Puisque chacun conçoit l’enseignement au mieux de ses intérêts personnels ou de classe, il convient d’y regarder à deux fois avant que d’avoir recours à l’enseignement donné par ses ennemis. Les catholiques l’ont très bien compris, qui multiplient partout leurs écoles primaires, secondaires et supérieures, malgré toutes les garanties de neutralité données par l’État. C’est qu’un enseignement n’est jamais neutre ; on peut toujours interpréter les faits de manières diverses : il suffit de constater la division des savants, la contradiction de leurs théories et de leurs méthodes pour en être convaincu. Les anarchistes ont aussi effectué plusieurs tentatives sur ce terrain. L’École moderne, de Ferrer, la Ruche de Sébastien Faure, l’Avenir social de Madeleine Vernet, mais ces entreprises, bien que très intéressantes, ne sont qu’individuelles. Beaucoup de camarades croient avoir tout fait en arrachant l’enfant à l’influence du clergé : c’est un tort. La routine intéressée, la morale pestilentielle du christianisme gangrène presque autant l’enseignement de l’État : il faut en préserver nos enfants. (Voir à ce sujet l’étude substantielle de Stephen Mac Say : La Laïque contre l’Enfant.)

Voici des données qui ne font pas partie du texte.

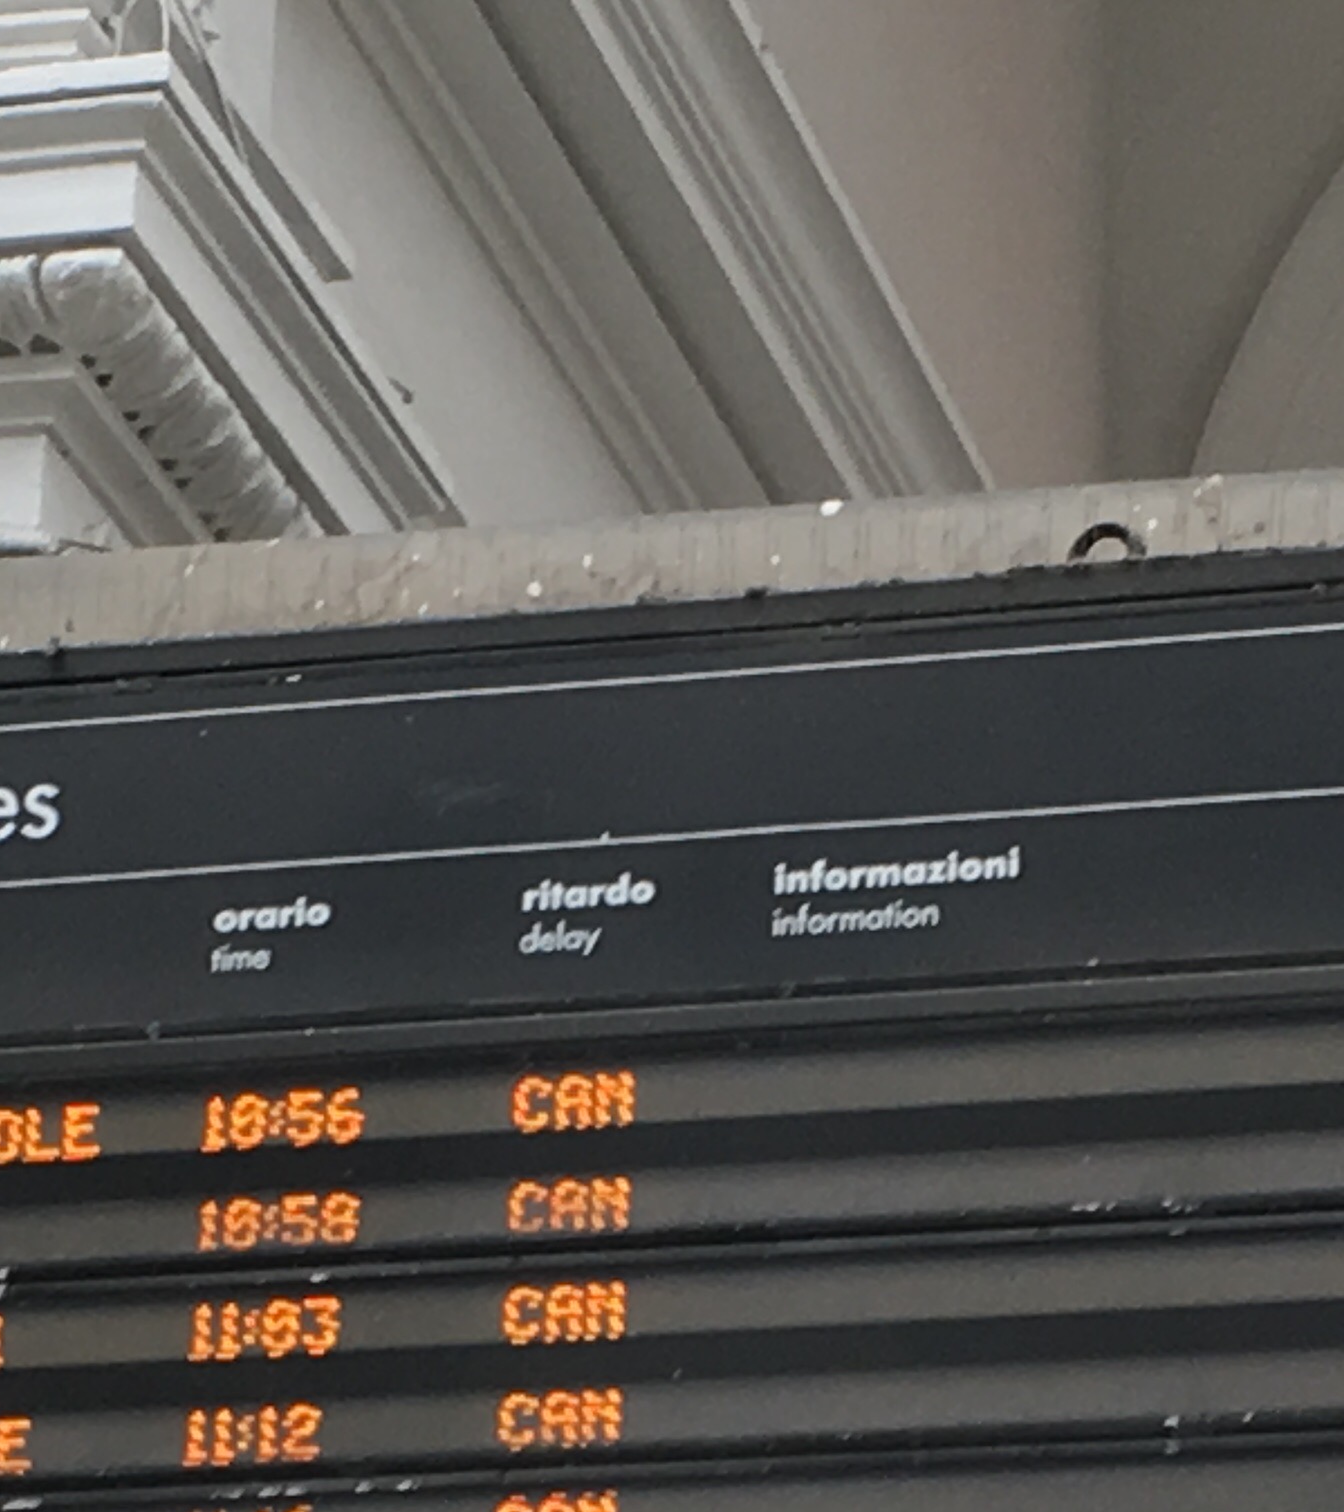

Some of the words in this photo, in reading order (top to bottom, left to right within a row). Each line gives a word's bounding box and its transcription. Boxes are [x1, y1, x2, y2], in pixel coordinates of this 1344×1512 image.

[522, 872, 656, 912] ritardo
[774, 846, 1020, 895] informazioni
[213, 896, 331, 933] orario
[519, 920, 602, 956] delay
[771, 899, 940, 936] information
[211, 944, 271, 972] time
[200, 1086, 367, 1153] 10:56
[510, 1070, 637, 1134] CAN
[197, 1191, 362, 1252] 10:58
[506, 1176, 633, 1233] CAN
[187, 1295, 342, 1362] 11:03
[500, 1280, 628, 1346] CAN
[181, 1402, 323, 1468] 11:12
[496, 1387, 624, 1452] CAN
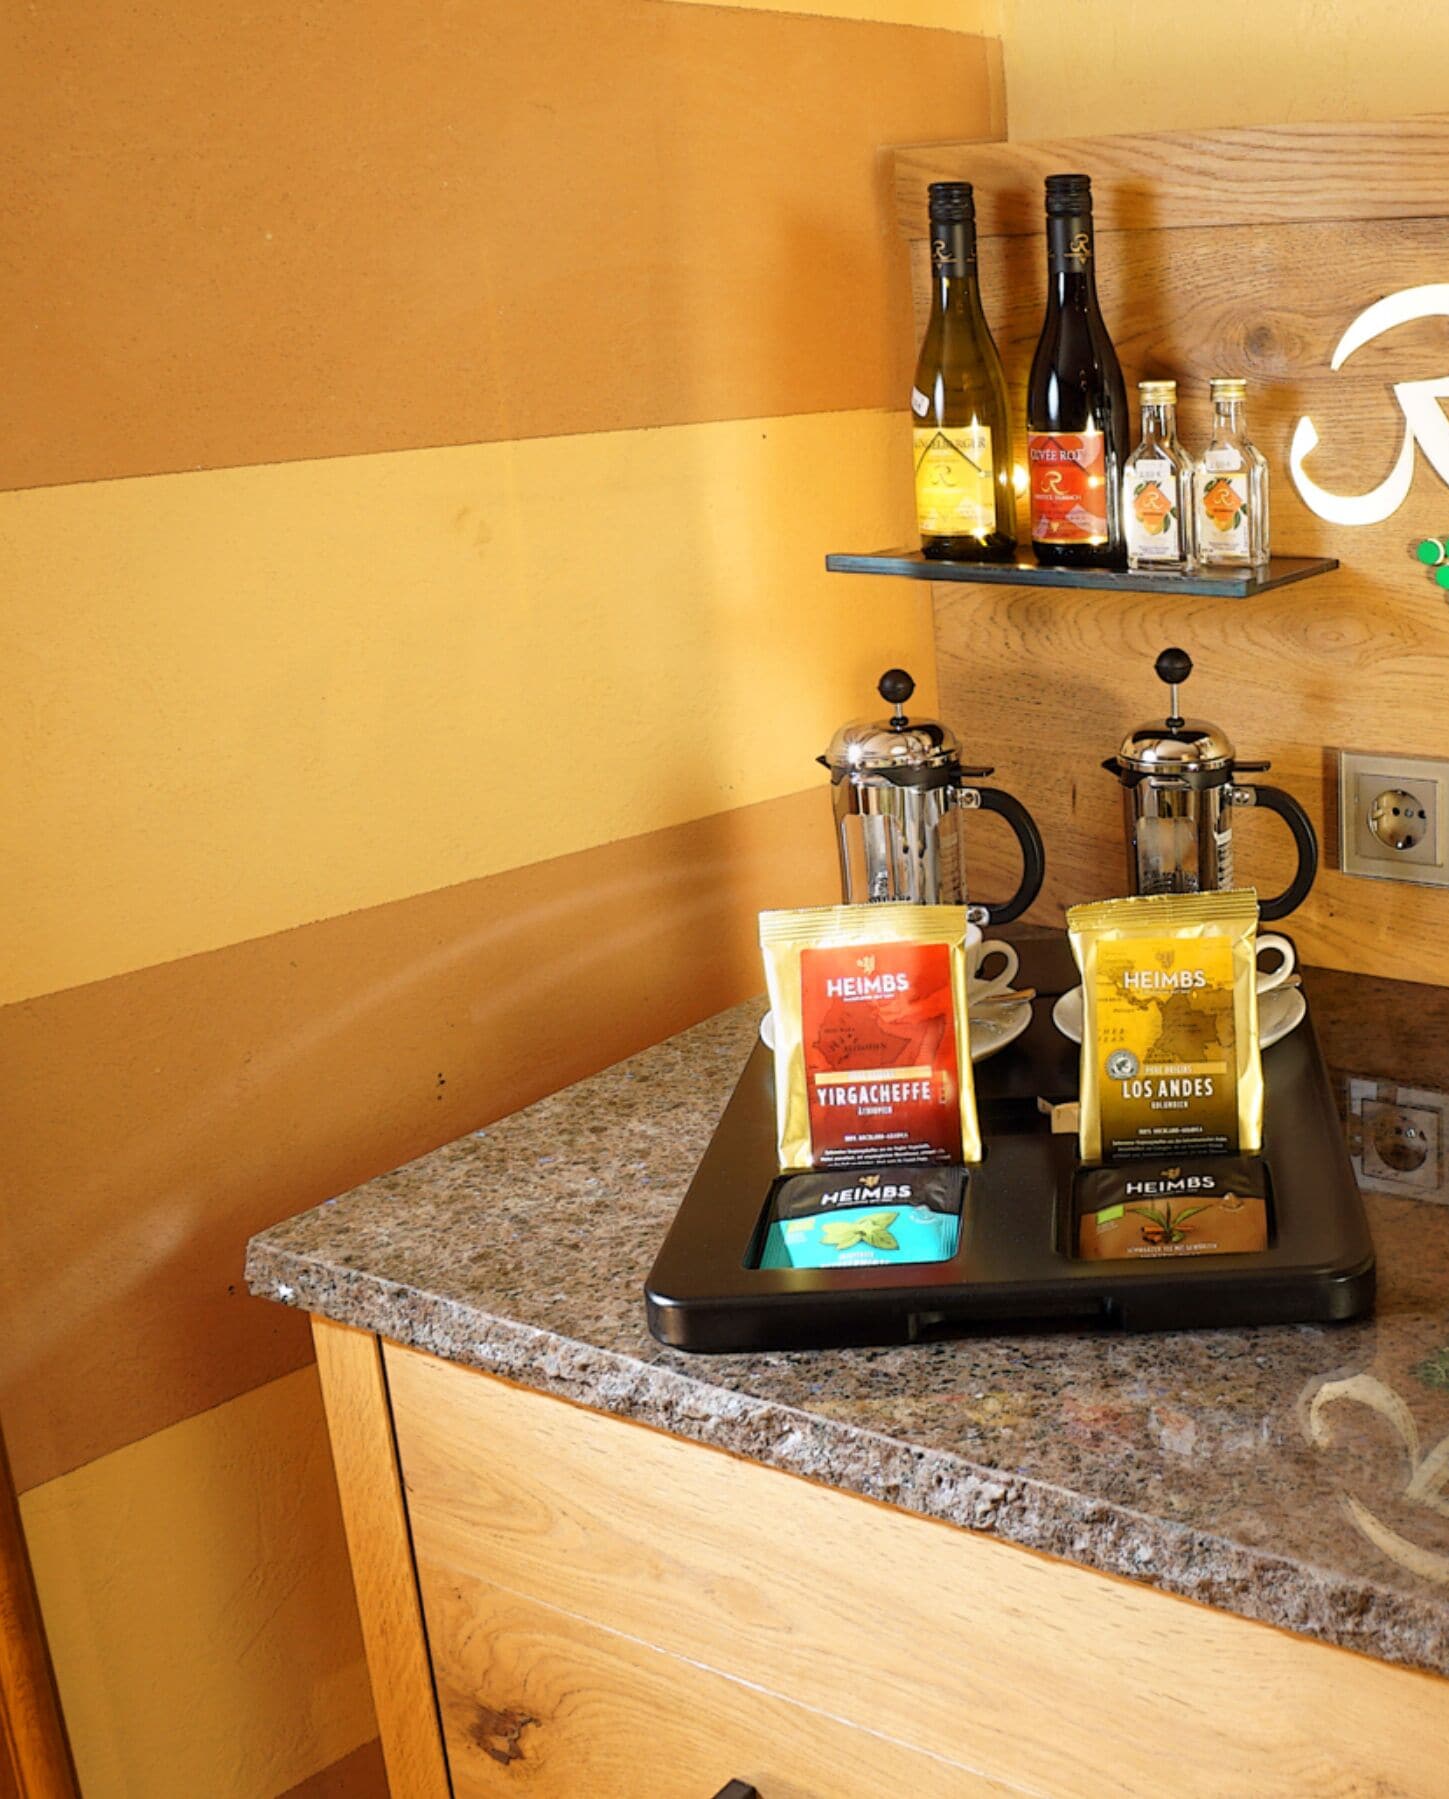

Je ne pense pas qu’on puisse « faire des hommes », selon l’expression courante, mais par contre, je suis certain que la négligence des parents en empêche beaucoup de le devenir. L’homme d’avant-garde devrait réfléchir à ce fait et, avant que de s’abandonner au pessimisme, se demander : « Pourquoi laissons-nous capter à la source l’avenir de notre mouvement ? » Un besoin de propagande positive semble s’affirmer depuis quelque temps chez les anarchistes : vont-ils enfin se décider à entreprendre le principal ? Vont-ils enfin créer leur enseignement ? Dans cette optimiste attente, les parents de bonne volonté chercheront, dans les revues pédagogiques, de quoi corriger et compléter l’instruction primaire de leurs enfants et — pourquoi pas ? — de quoi l’entreprendre eux-mêmes… (Voir entre autres : L’École Émancipée, à Saumur.) — L. Wastiaux.


ENSOUTANÉ n. m. (de soutane). Le mot ensoutané est un terme populaire qui sert à désigner les ecclésiastiques, parce que ceux-ci portent une soutane.

En vérité, ce mot pourrait également s’appliquer aux juges, aux avocats, etc… qui revêtent aussi une soutane lorsqu’ils sont dans l’exercice de leurs fonctions. Jadis, les professeurs et les médecins portaient aussi la soutane, mais cette habitude a disparu depuis plus de deux siècles. Il n’y a plus aujourd’hui que dans certaines cérémonies universitaires que sont évoqués ces costumes particuliers.

La soutane varie de couleur, selon le grade de l’ensoutané. Elle est noire, violette ou rouge, et le pape porte une soutane blanche. Les ensoutanés de la justice portent une robe rouge ou noire, selon qu’ils appartiennent à la magistrature assise ou debout.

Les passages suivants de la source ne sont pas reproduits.